* Task to complete
Each record here should be printed again exactly; please leave its pictures out.
━━━ Information shown
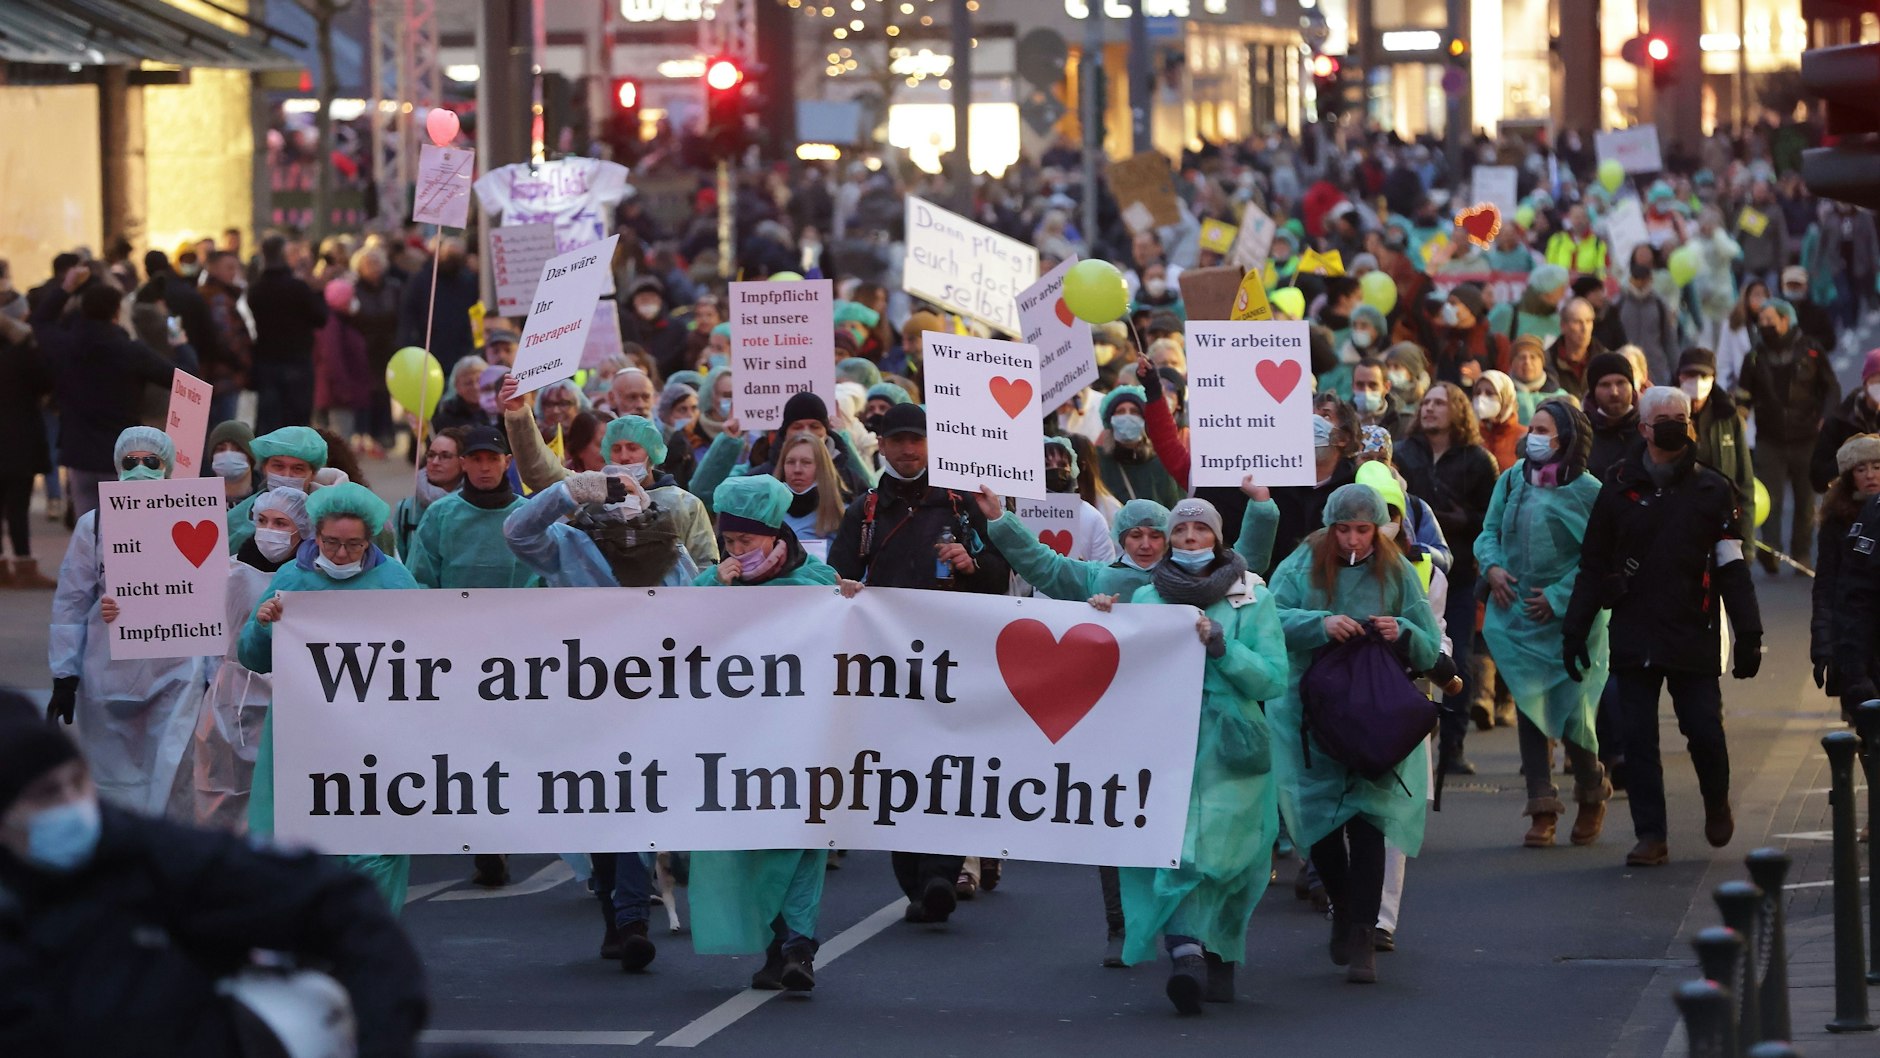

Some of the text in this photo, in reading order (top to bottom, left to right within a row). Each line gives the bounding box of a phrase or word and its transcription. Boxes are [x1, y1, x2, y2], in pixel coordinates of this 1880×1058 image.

[916, 205, 965, 242] Dann
[545, 265, 567, 282] Das
[570, 252, 598, 273] wäre
[913, 246, 1021, 298] euch doch
[741, 289, 819, 305] Impfpflicht
[941, 284, 1014, 327] selbst
[1020, 297, 1037, 313] Wir
[534, 299, 554, 315] Ihr
[741, 313, 809, 325] ist unsere
[525, 318, 583, 348] Therapeut
[742, 334, 813, 346] rote Linie:
[1027, 326, 1043, 344] mit
[1194, 333, 1302, 348] Wir arbeiten
[743, 356, 807, 370] Wir sind
[932, 343, 1033, 369] Wir arbeiten
[1040, 339, 1073, 370] cht mit
[515, 357, 563, 382] gewesen.
[744, 380, 814, 395] dann mal
[1042, 360, 1090, 402] mpfpflicht!
[1196, 374, 1226, 388] mit
[933, 383, 961, 397] mit
[745, 405, 780, 422] weg!
[1198, 414, 1276, 428] nicht mit
[936, 420, 1009, 441] nicht mit
[937, 456, 1034, 482] Impfpflicht!
[1200, 454, 1304, 471] Impfpflicht!
[109, 492, 218, 511] Wir arbeiten
[1020, 505, 1074, 519] arbeiten
[112, 539, 142, 554] mit
[115, 580, 194, 597] nicht mit
[118, 622, 223, 643] Impfpflicht!
[305, 637, 959, 703] Wir arbeiten mit
[308, 750, 1152, 829] nicht mit Impfpflicht!
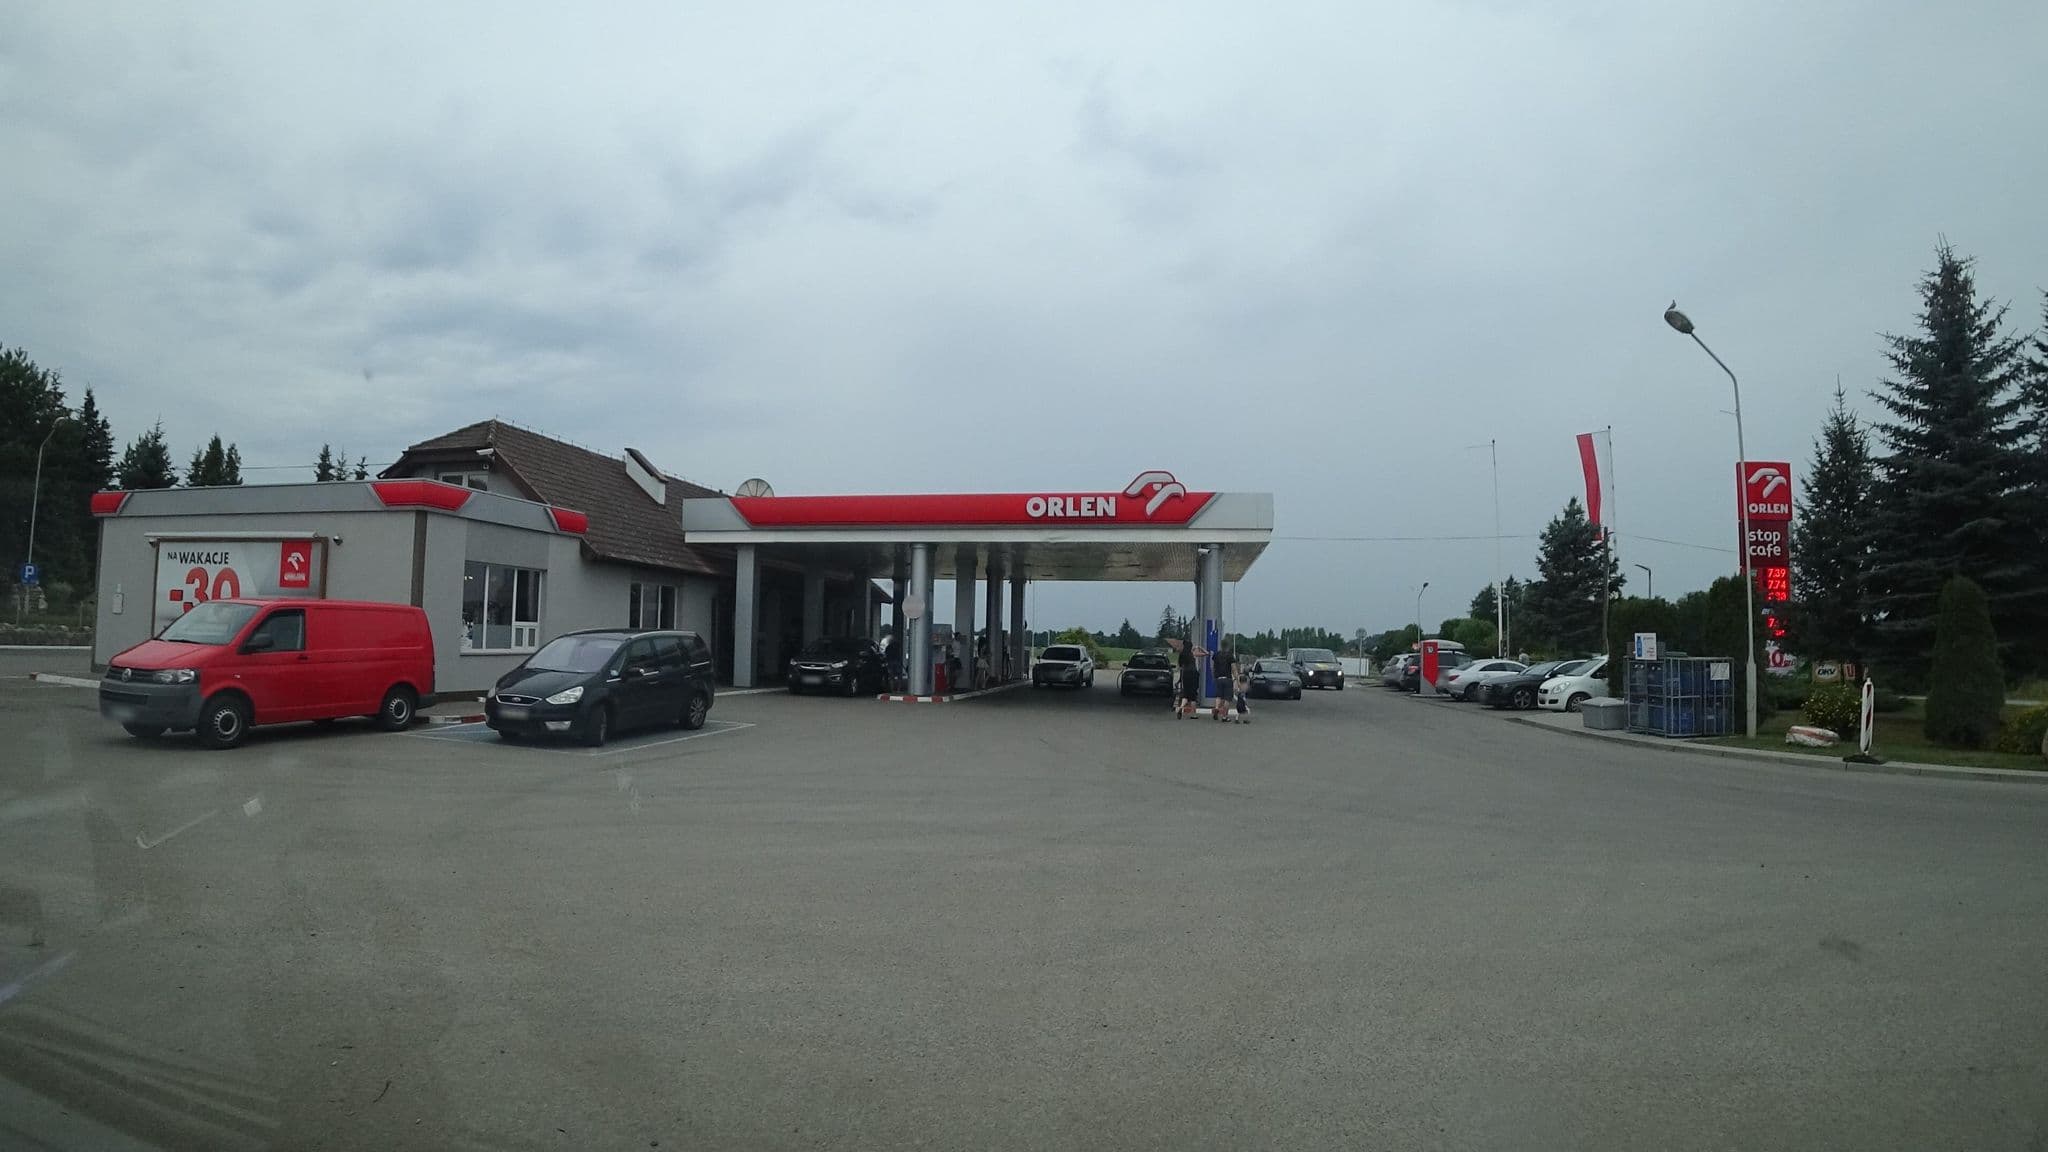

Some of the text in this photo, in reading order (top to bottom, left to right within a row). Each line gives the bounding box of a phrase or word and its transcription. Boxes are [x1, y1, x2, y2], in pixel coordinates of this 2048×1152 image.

[1026, 496, 1116, 517] ORLEN
[1749, 503, 1788, 514] ORLEN
[1749, 529, 1781, 545] stop
[1749, 544, 1781, 556] cafe
[168, 552, 229, 564] NA WAKACJE
[24, 565, 34, 578] P
━━━━━━
* Task solution
Some of the text in this photo, in reading order (top to bottom, left to right within a row). Each line gives the bounding box of a phrase or word and its transcription. Boxes are [x1, y1, x2, y2], in pixel coordinates of this 1880×1058 image.

[916, 205, 965, 242] Dann
[545, 265, 567, 282] Das
[570, 252, 598, 273] wäre
[913, 246, 1021, 298] euch doch
[741, 289, 819, 305] Impfpflicht
[941, 284, 1014, 327] selbst
[1020, 297, 1037, 313] Wir
[534, 299, 554, 315] Ihr
[741, 313, 809, 325] ist unsere
[525, 318, 583, 348] Therapeut
[742, 334, 813, 346] rote Linie:
[1027, 326, 1043, 344] mit
[1194, 333, 1302, 348] Wir arbeiten
[743, 356, 807, 370] Wir sind
[932, 343, 1033, 369] Wir arbeiten
[1040, 339, 1073, 370] cht mit
[515, 357, 563, 382] gewesen.
[744, 380, 814, 395] dann mal
[1042, 360, 1090, 402] mpfpflicht!
[1196, 374, 1226, 388] mit
[933, 383, 961, 397] mit
[745, 405, 780, 422] weg!
[1198, 414, 1276, 428] nicht mit
[936, 420, 1009, 441] nicht mit
[937, 456, 1034, 482] Impfpflicht!
[1200, 454, 1304, 471] Impfpflicht!
[109, 492, 218, 511] Wir arbeiten
[1020, 505, 1074, 519] arbeiten
[112, 539, 142, 554] mit
[115, 580, 194, 597] nicht mit
[118, 622, 223, 643] Impfpflicht!
[305, 637, 959, 703] Wir arbeiten mit
[308, 750, 1152, 829] nicht mit Impfpflicht!

Some of the text in this photo, in reading order (top to bottom, left to right within a row). Each line gives the bounding box of a phrase or word and its transcription. Boxes are [x1, y1, x2, y2], in pixel coordinates of this 2048×1152 image.

[1026, 496, 1116, 517] ORLEN
[1749, 503, 1788, 514] ORLEN
[1749, 529, 1781, 545] stop
[1749, 544, 1781, 556] cafe
[168, 552, 229, 564] NA WAKACJE
[24, 565, 34, 578] P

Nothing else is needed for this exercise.